> Input data

____________

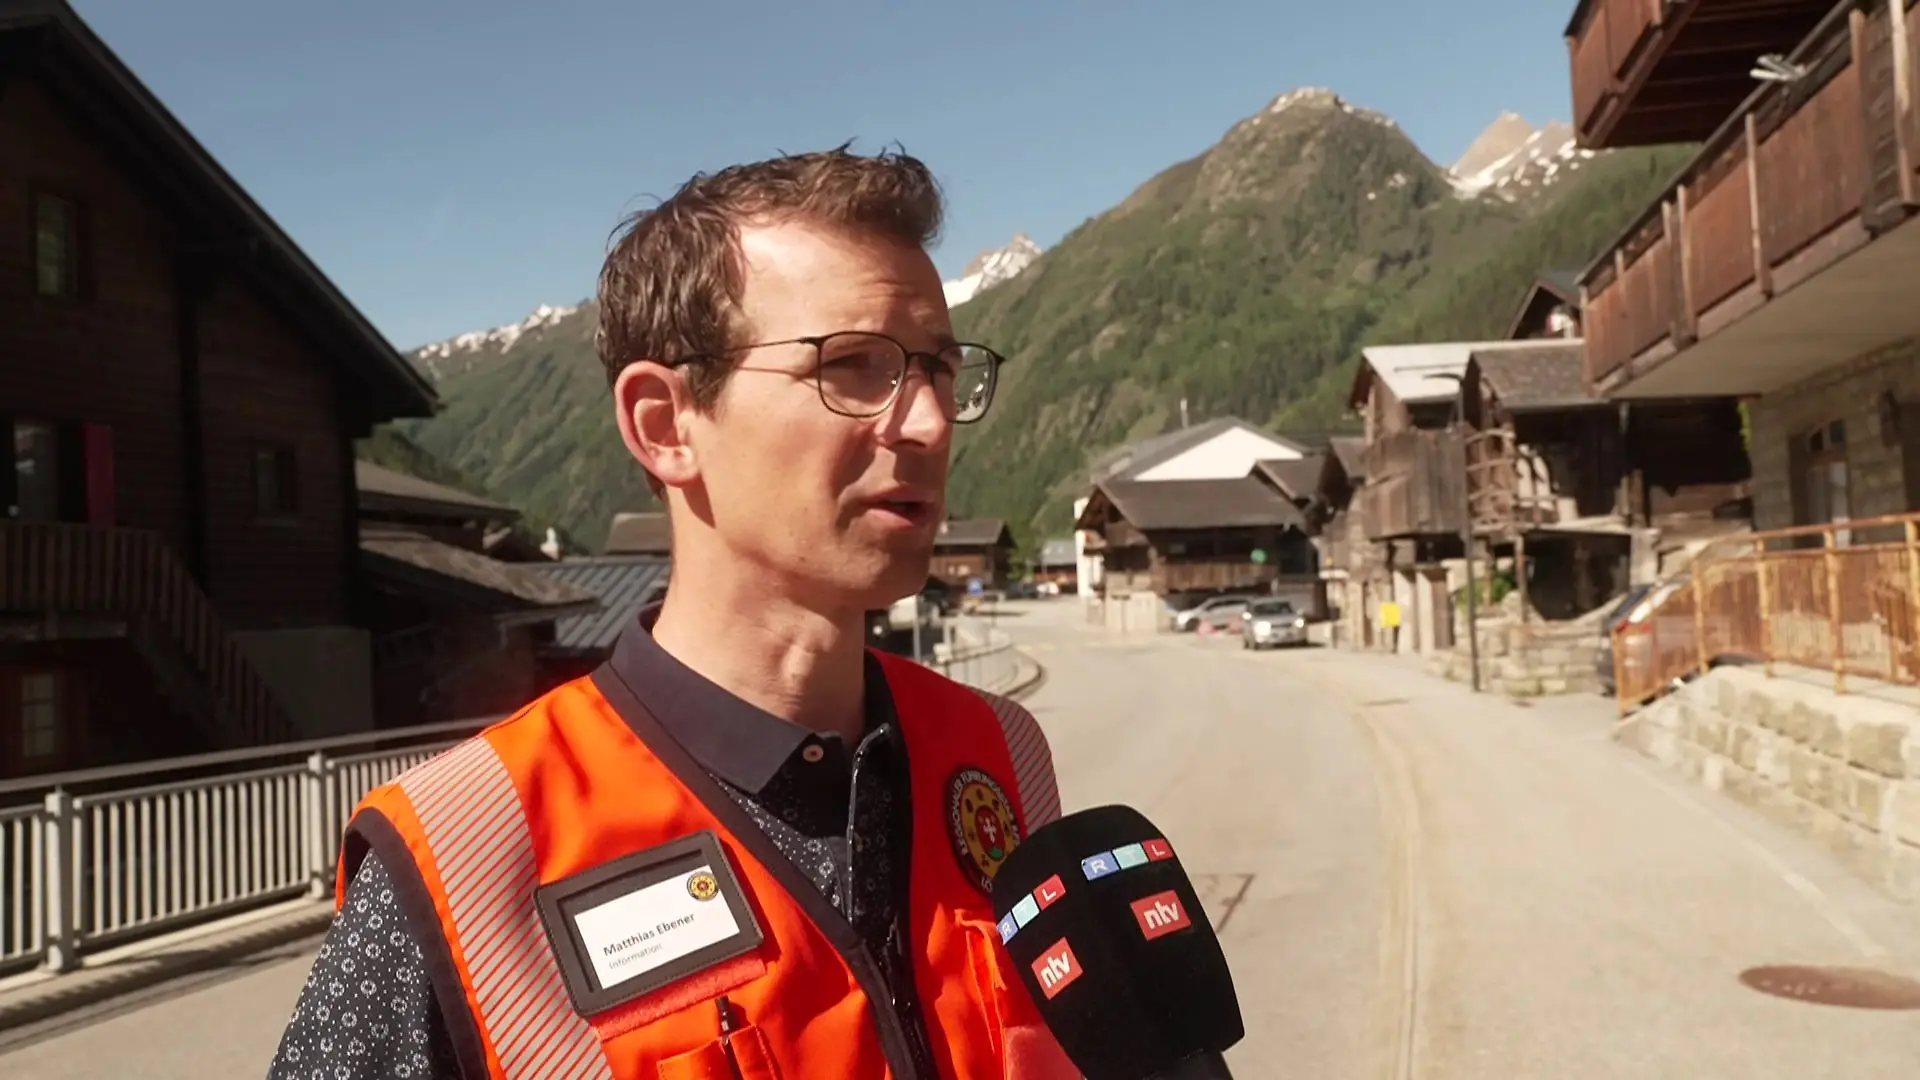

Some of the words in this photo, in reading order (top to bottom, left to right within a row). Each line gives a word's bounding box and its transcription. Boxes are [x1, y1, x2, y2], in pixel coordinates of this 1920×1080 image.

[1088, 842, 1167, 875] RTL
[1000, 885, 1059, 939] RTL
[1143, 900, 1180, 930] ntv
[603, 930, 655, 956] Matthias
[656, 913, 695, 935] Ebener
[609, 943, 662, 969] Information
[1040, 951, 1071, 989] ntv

____________

> Exercise instructions
Exactly as given, transcribe every line of the data, but not its images.

> Answer section
Some of the words in this photo, in reading order (top to bottom, left to right within a row). Each line gives a word's bounding box and its transcription. Boxes are [x1, y1, x2, y2], in pixel coordinates of this 1920×1080 image.

[1088, 842, 1167, 875] RTL
[1000, 885, 1059, 939] RTL
[1143, 900, 1180, 930] ntv
[603, 930, 655, 956] Matthias
[656, 913, 695, 935] Ebener
[609, 943, 662, 969] Information
[1040, 951, 1071, 989] ntv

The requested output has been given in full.